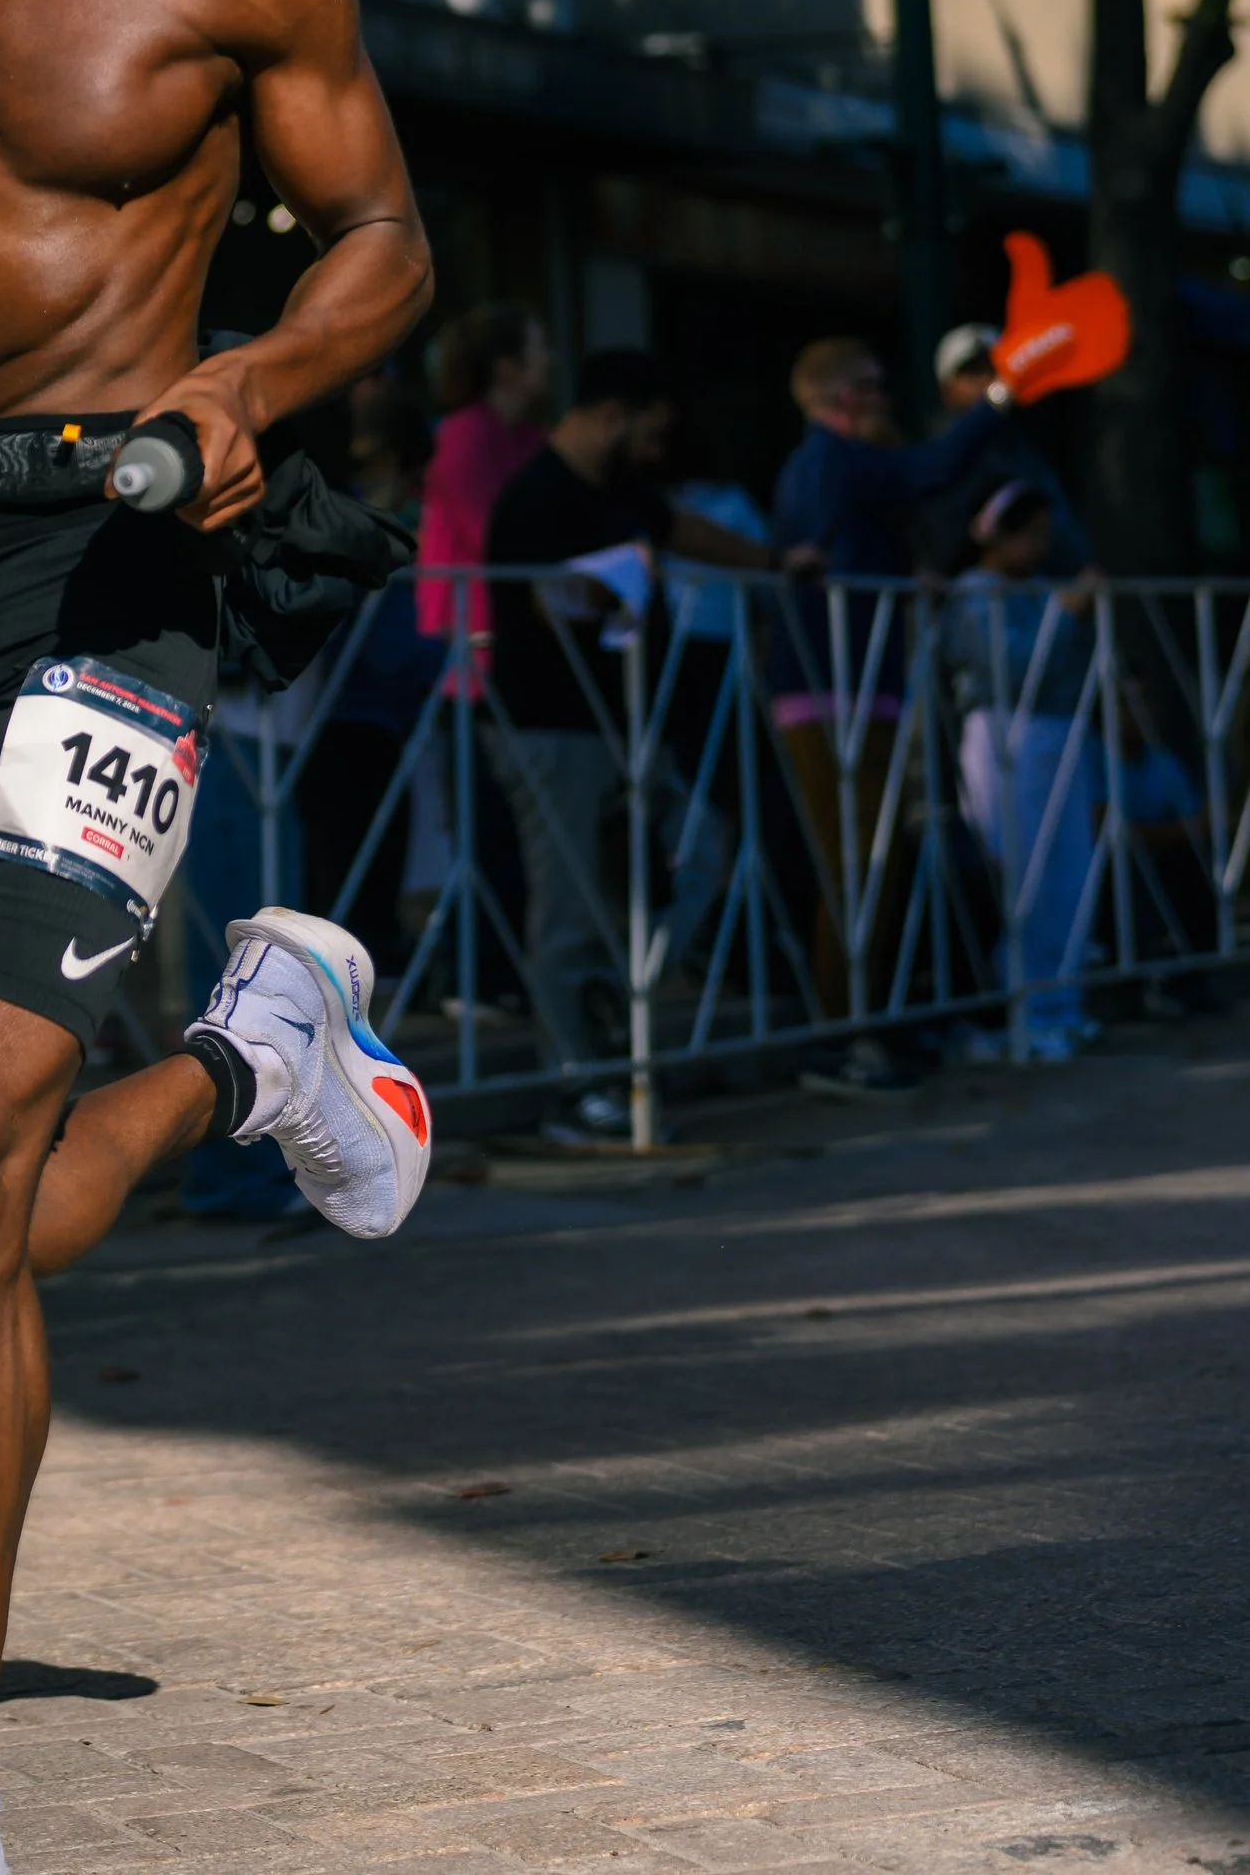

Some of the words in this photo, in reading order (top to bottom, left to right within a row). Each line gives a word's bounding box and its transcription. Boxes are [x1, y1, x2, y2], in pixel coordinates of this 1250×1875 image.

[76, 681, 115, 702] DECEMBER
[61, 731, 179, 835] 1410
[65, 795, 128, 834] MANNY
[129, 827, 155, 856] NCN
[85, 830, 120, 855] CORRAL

* _AIM OF THE EXERCISE_:
Give the data above again in full and unchanged, skipping the pictures.

* _TASK RESULT_:
Some of the words in this photo, in reading order (top to bottom, left to right within a row). Each line gives a word's bounding box and its transcription. Boxes are [x1, y1, x2, y2], in pixel coordinates of this 1250×1875 image.

[76, 681, 115, 702] DECEMBER
[61, 731, 179, 835] 1410
[65, 795, 128, 834] MANNY
[129, 827, 155, 856] NCN
[85, 830, 120, 855] CORRAL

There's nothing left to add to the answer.